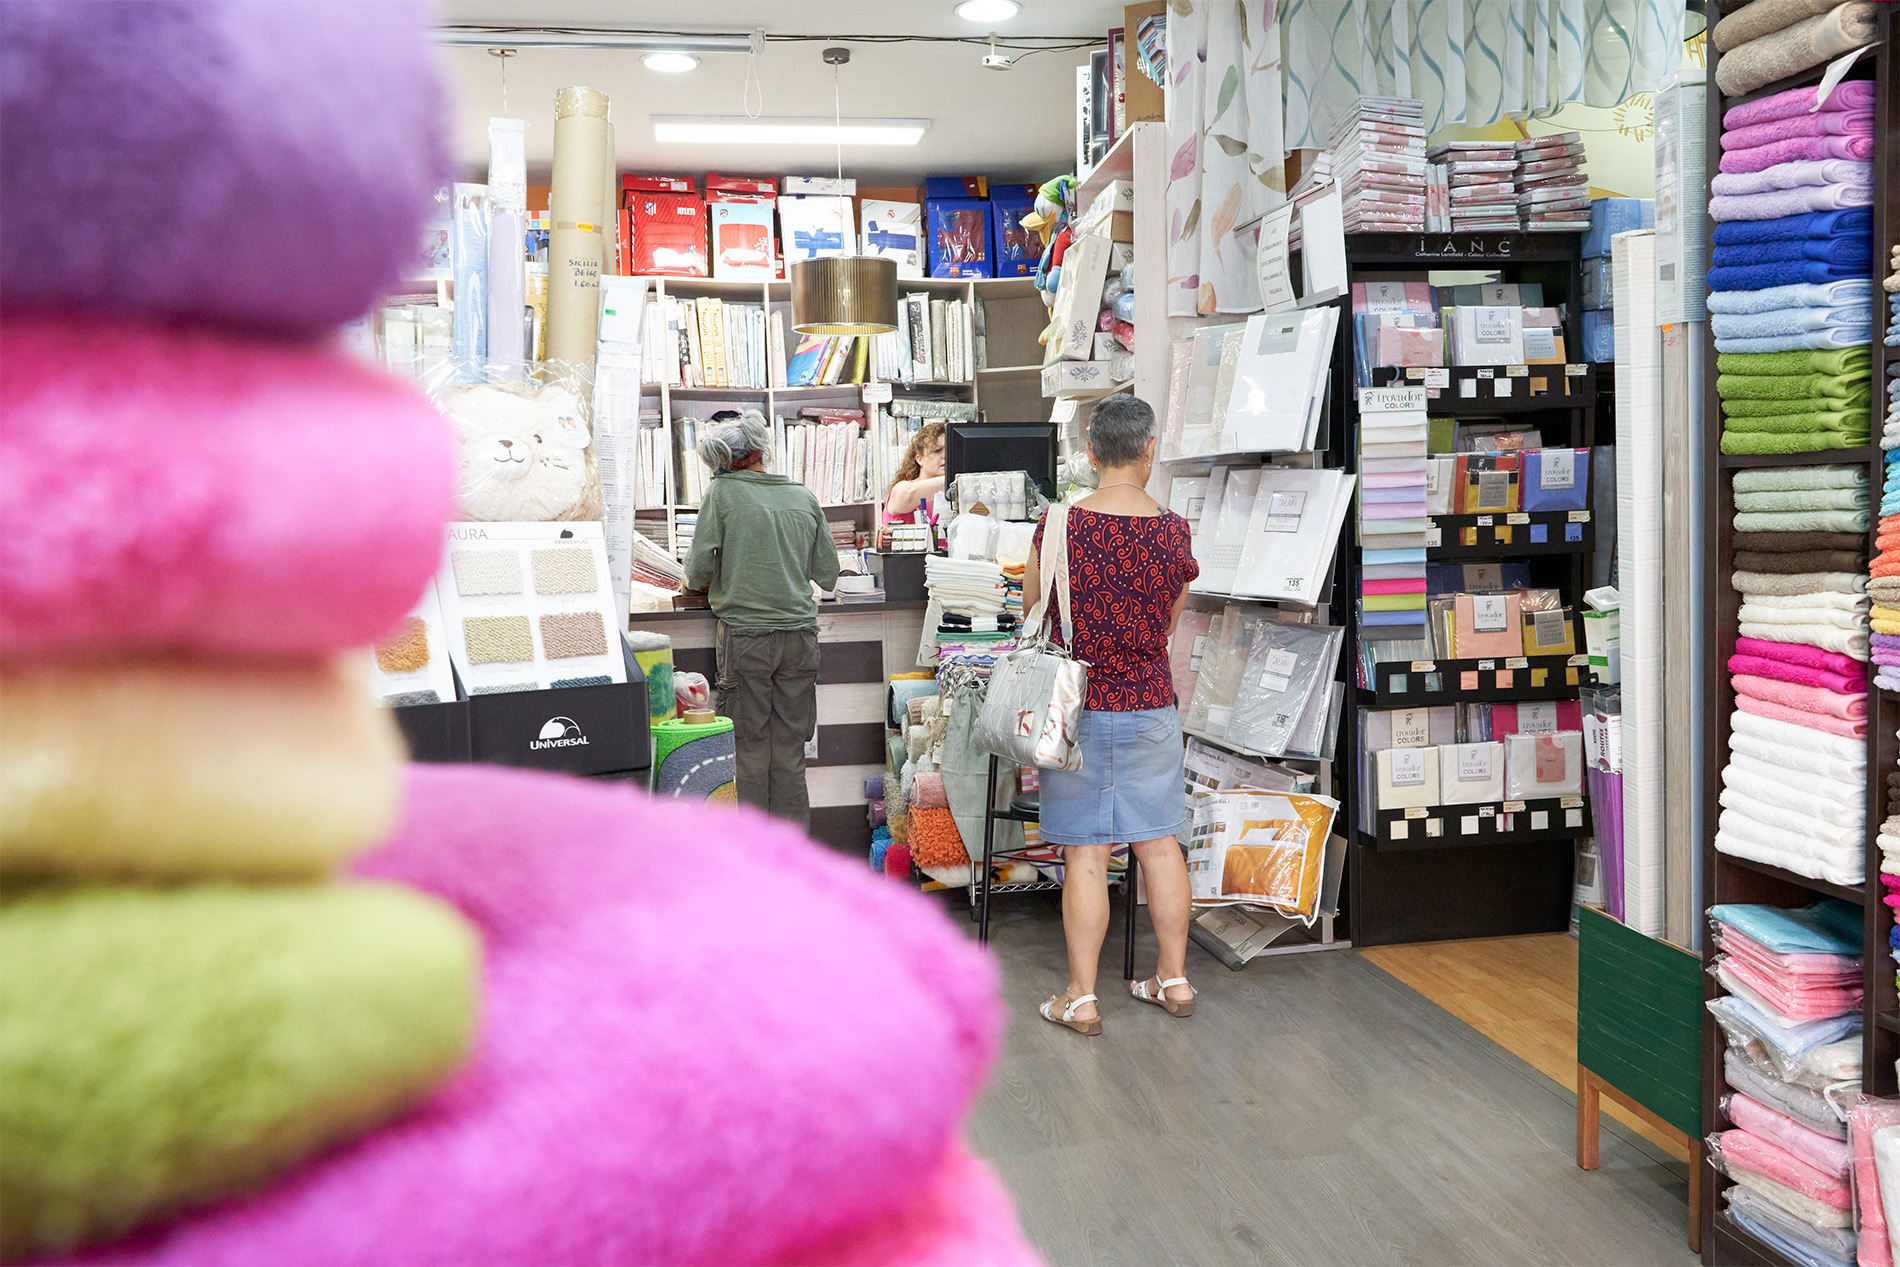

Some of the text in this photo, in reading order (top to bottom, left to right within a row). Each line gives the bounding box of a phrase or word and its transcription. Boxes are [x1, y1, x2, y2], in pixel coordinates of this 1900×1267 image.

[677, 207, 695, 215] ATLETI
[1377, 391, 1422, 402] trovador
[1545, 468, 1571, 476] trovador
[1478, 611, 1503, 619] trovador
[1523, 720, 1553, 729] trovador
[1396, 728, 1426, 737] trovador
[530, 736, 590, 750] UNIVERSAL
[1397, 736, 1425, 744] COLORS
[1396, 764, 1421, 772] trovador
[1462, 760, 1487, 768] trovador
■ ■ ■ ■
▶ [TASK]
The records above are to be transcribed word for word. Skip the images.

▶ [OUTPUT OF THE EXERCISE]
Some of the text in this photo, in reading order (top to bottom, left to right within a row). Each line gives the bounding box of a phrase or word and its transcription. Boxes are [x1, y1, x2, y2], in pixel coordinates of this 1900×1267 image.

[677, 207, 695, 215] ATLETI
[1377, 391, 1422, 402] trovador
[1545, 468, 1571, 476] trovador
[1478, 611, 1503, 619] trovador
[1523, 720, 1553, 729] trovador
[1396, 728, 1426, 737] trovador
[530, 736, 590, 750] UNIVERSAL
[1397, 736, 1425, 744] COLORS
[1396, 764, 1421, 772] trovador
[1462, 760, 1487, 768] trovador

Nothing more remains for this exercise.